State v. Shiffler

93 Kan. 618 | Kan. | 1914

The opinion of the court was delivered by

Burch, J.:

The defendant was convicted as a persistent violator of the prohibitory law and appeals.

The information contained two counts. The first count charged that the defendant was convicted of a violation of the prohibitory law on January 27, 1914, and that subsequently, on February 28, 1914, he sold intoxicating liquor contrary to law. The second count charged the same conviction and that subsequently, on February 28, 1914, the defendant maintained a liquor nuisance contrary to law. The defendant filed, sue*619cessively, a motion to quash the information, a motion to require the state to elect on which count of the information it would proceed to trial, and a motion to require the state to elect on which count of the information it would rely for a conviction. These motions were all based upon a claim that each count of the information charged a separate felony. The court ruled otherwise, treated the information as charging but one offense, permitted evidence to go to the jury tending to sustain each count, and submitted to the jury single verdicts of guilty and not guilty.

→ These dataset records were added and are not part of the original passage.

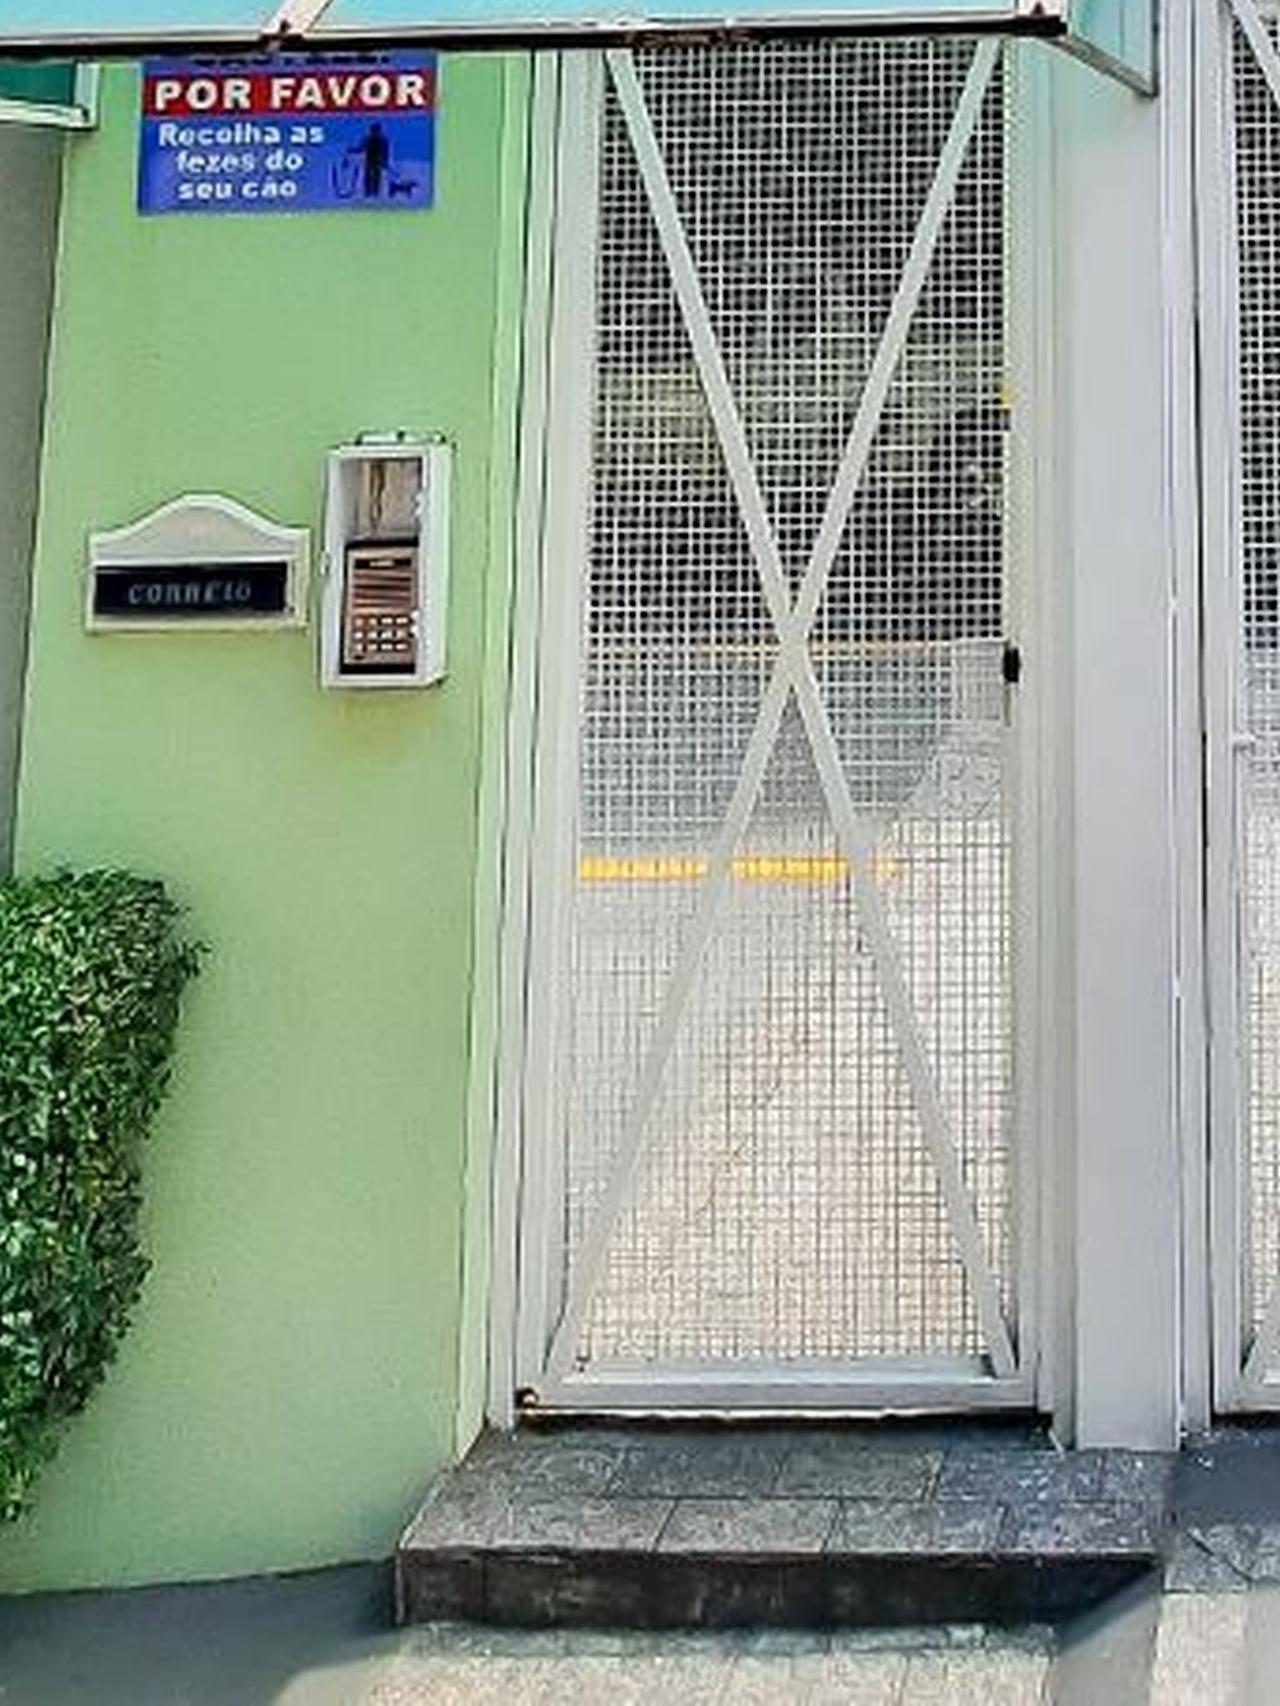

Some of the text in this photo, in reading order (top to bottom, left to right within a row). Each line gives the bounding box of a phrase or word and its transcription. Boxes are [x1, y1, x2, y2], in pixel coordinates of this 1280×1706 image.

[154, 73, 426, 111] POR FAVOR
[158, 122, 325, 147] Recolha as
[175, 150, 304, 174] fezes do
[177, 180, 233, 201] seu
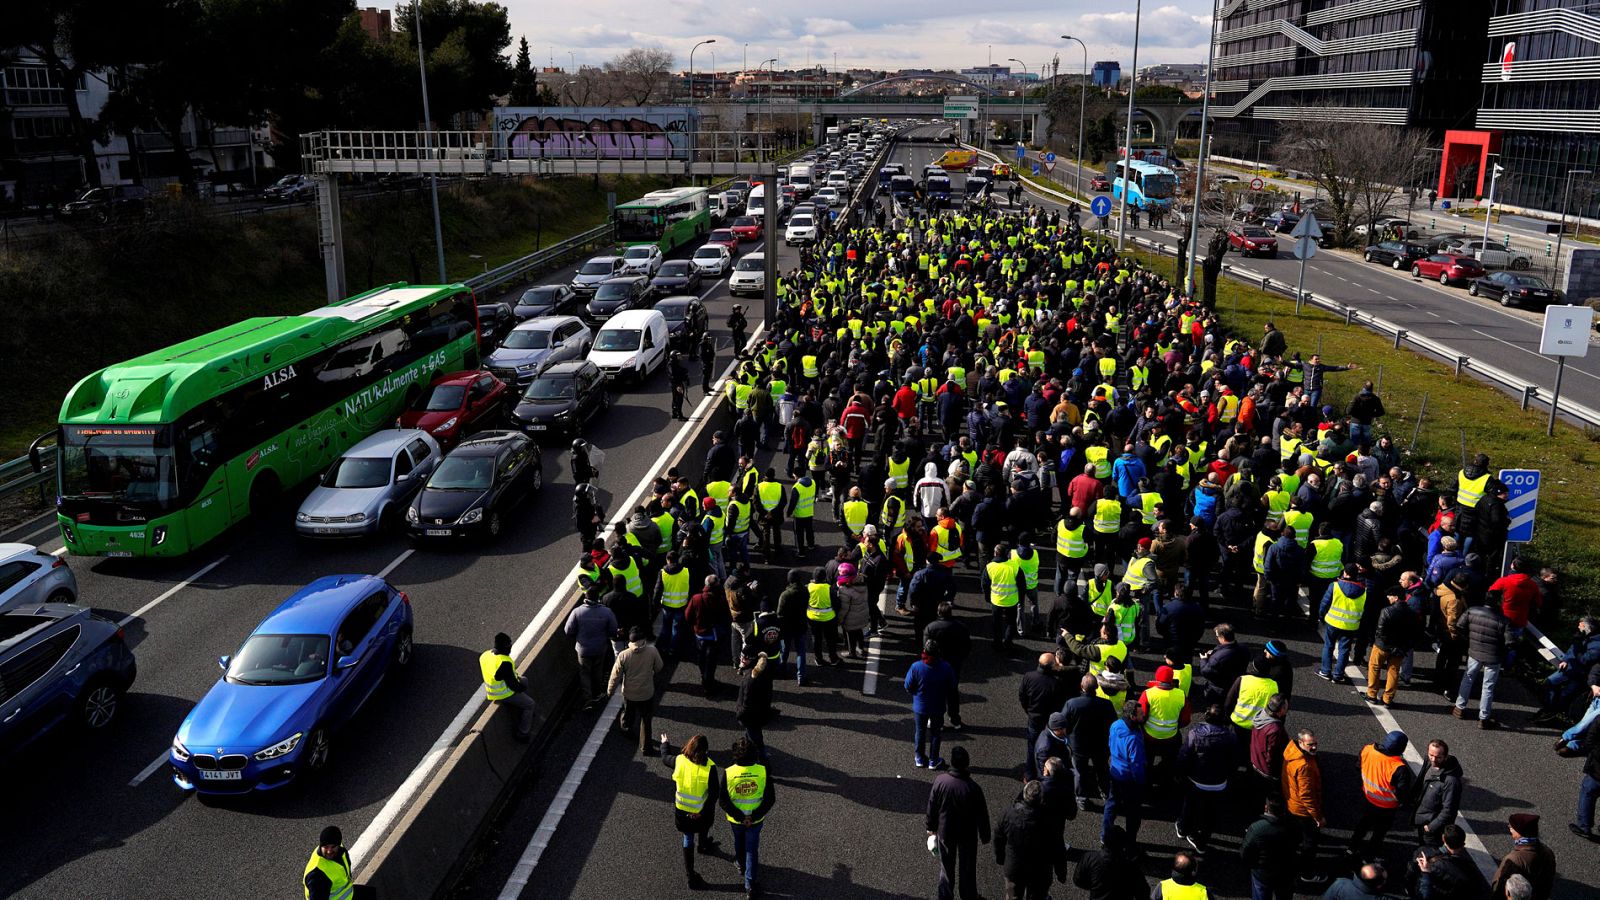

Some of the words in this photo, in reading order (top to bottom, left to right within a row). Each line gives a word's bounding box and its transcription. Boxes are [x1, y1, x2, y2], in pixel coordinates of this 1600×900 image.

The statute reads as follows:

“Section 1. Any person or persons who having once been duly convicted of the violations of the prohibitory liquor law and who shall thereafter directly or indirectly violate the provisions of the prohibitory liquor law shall be considered a persistent violator of the prohibitory liquor law and shall be deemed guilty of a felony, and upon conviction thereof shall be imprisoned in the State Penitentiary at hard labor for not more than one year.” (Laws 1911, ch. 165, § 1.)

This statute does not make each violation subsequent to a conviction a separate felony but merely creates the status of “persistent violator” and affixes a single penalty for occupying that status. The statute is not directed against the making of particular sales of liquor, or the keeping of particular places where liquor is sold, or other particular violations of the prohibitory law, so much as against the habit or practice of lapsing into the liquor business. The individual who backslides after receiving the correction of a conviction is treated as a kind of common nuisance, and having become such, a continuation of his illegal practices, however numerous or varied, merely constitutes persistence in an habitual-course of conduct. (See the case of The State v. Cotner, 87 Kan. 864, 127 Pac. 1, and authorities cited in the opinion.)

When' called upon to prosecute a persistent violator, the county attorney is not obliged to stake his entire *620case upon the evidence he may procure relating to some single violation occurring subsequent to conviction. He may allege as many subsequent violations as he may be informed of and he may go to the jury upon all the proof he has, whether of one or more than one violation. He must establish one to warrant a verdict of guilty, but any one will be sufficient, and whether he establish one or more than one he has simply proved the defendant to be a persistent violator, guilty of a single offense, or an entire offense, to which a single penalty is affixed.

The fact is that in cases of this character the information need not contain more than a single count. Thus it has been held that when a murder may have been committed by different means and it is doubtful which is employed all may be charged in one count of the information and proof of any one will sustain a conviction. (The State v. O’Neil, 51 Kan. 651, 33 Pac. 287; The State v. Hewes, 60 Kan. 765, 57 Pac. 959; The State v. Kirby, 62 Kan. 436, 63 Pac. 752.)

In the case of The State v. Giroux, 75 Kan. 695, 90 Pac. 249, the rule was applied to an information charging a liquor nuisance. Ten counts of the information charged specific sales of intoxicating liquor to persons who were named, occurring on three different dates, April 26, May 6, and May 13. The eleventh count charged that, on the days named, the place where the sales were made was a common nuisance and that the defendants were its keepers. The defendants were convicted on the eleventh count. The court said:

“In a sense an averment that the defendant unlawfully sold intoxicating liquors on January 1, and on sundry and divers days since that date, would charge as many separate and distinct offenses as there were days between the date named and the filing of the information. Such án averment, however, would not render the information bad for duplicity. Maintaining a public nuisance is a continuous act, extending from day to day, and the allegation as to time may and ought to be broad enough to cover either all the time within the *621statute of limitations or as much of it as the prosecutor desires; and while within such time the defendant may have been guilty many times, he can be tried for but one offense, which may be fixed as having occurred upon such date as will best suit the evidence of the state.” (p. 696.)

If, for the sake of greater clearness and precision, the pleader choose to employ several counts, there is no necessity for an election between them or for the verdict to relate in terms to any particular count. (The State v. Rickcsecker, 73 Kan. 495, 85 Pac. 547.)

The rulings of the district court were correct and its judgment is affirmed.